## The data

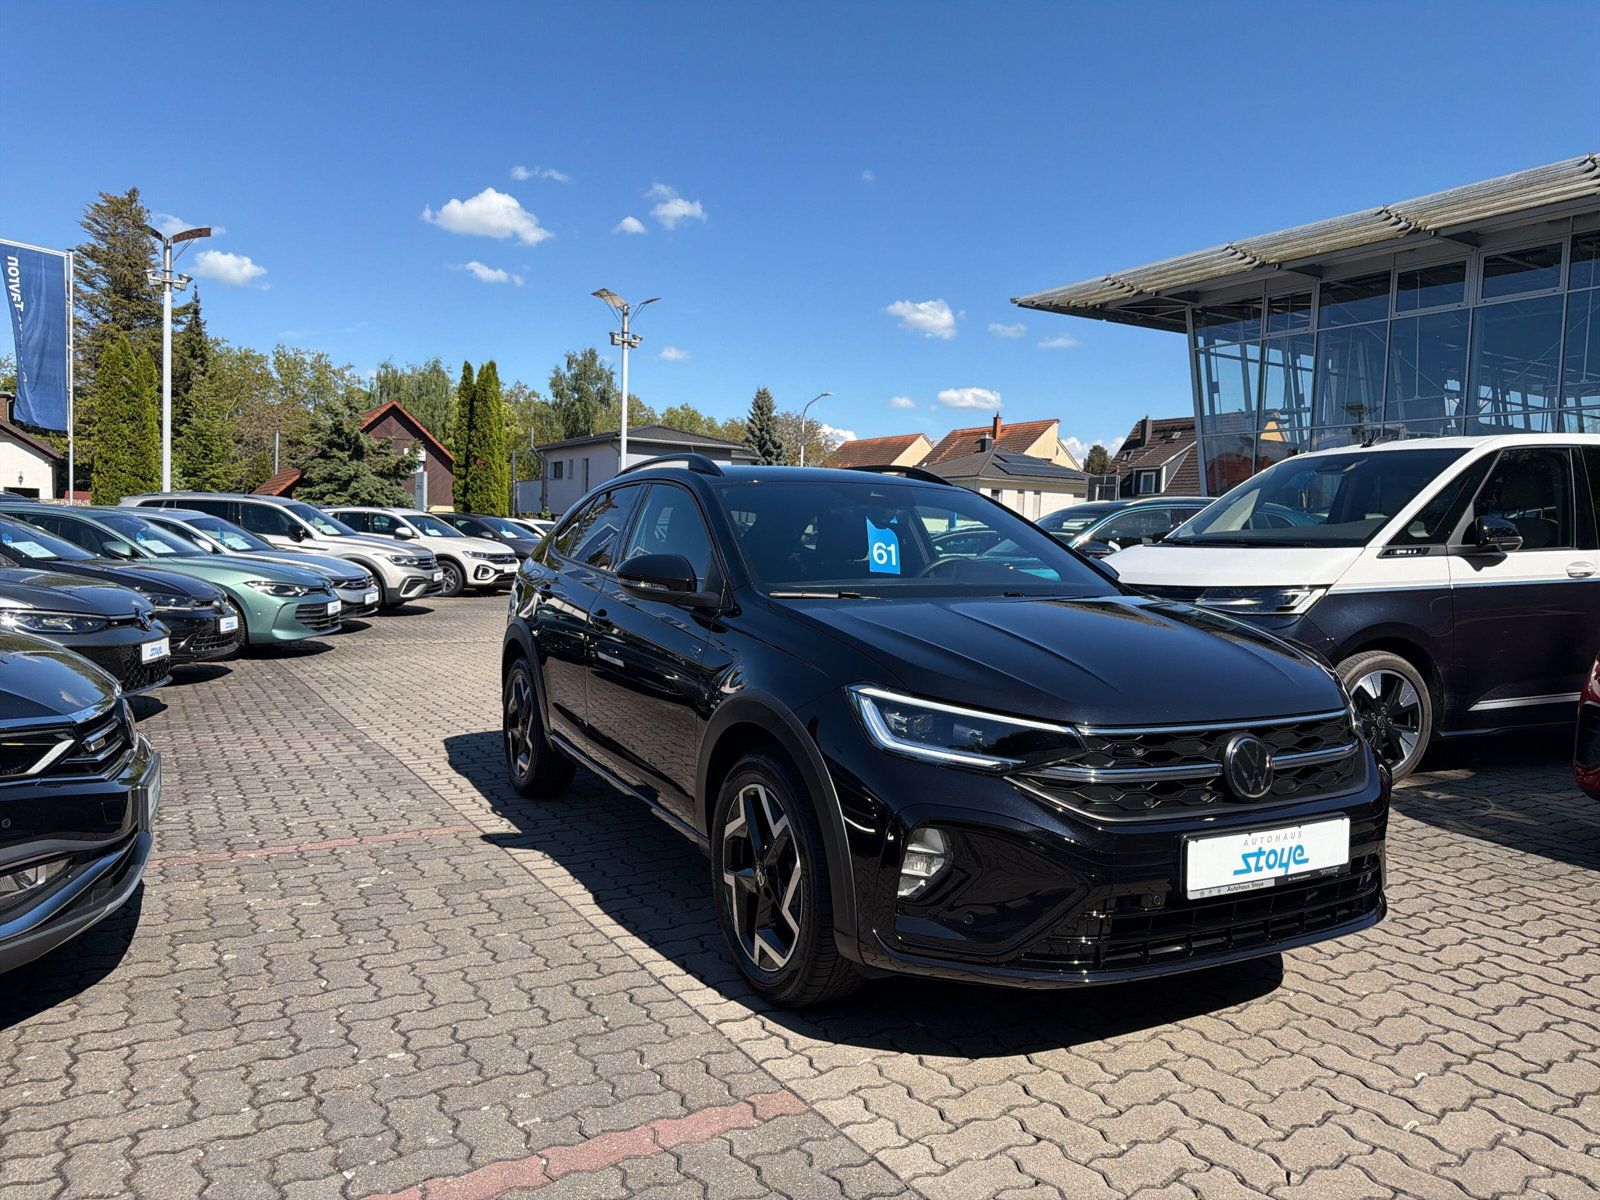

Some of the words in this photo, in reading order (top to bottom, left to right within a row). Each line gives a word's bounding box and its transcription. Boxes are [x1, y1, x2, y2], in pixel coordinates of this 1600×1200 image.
==
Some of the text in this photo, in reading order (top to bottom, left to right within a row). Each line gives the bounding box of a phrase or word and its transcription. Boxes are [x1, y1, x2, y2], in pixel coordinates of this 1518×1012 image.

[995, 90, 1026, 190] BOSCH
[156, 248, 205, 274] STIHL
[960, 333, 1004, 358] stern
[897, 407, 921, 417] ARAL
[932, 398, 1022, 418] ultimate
---
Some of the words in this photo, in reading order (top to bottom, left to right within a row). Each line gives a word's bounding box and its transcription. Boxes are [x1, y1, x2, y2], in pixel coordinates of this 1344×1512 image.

## What to do
Throughout the records above, find the lines in which the word "words" appears and return them.

## Result of the exercise
Some of the words in this photo, in reading order (top to bottom, left to right within a row). Each line gives a word's bounding box and its transcription. Boxes are [x1, y1, x2, y2], in pixel coordinates of this 1600×1200 image.
Some of the words in this photo, in reading order (top to bottom, left to right within a row). Each line gives a word's bounding box and its transcription. Boxes are [x1, y1, x2, y2], in pixel coordinates of this 1344×1512 image.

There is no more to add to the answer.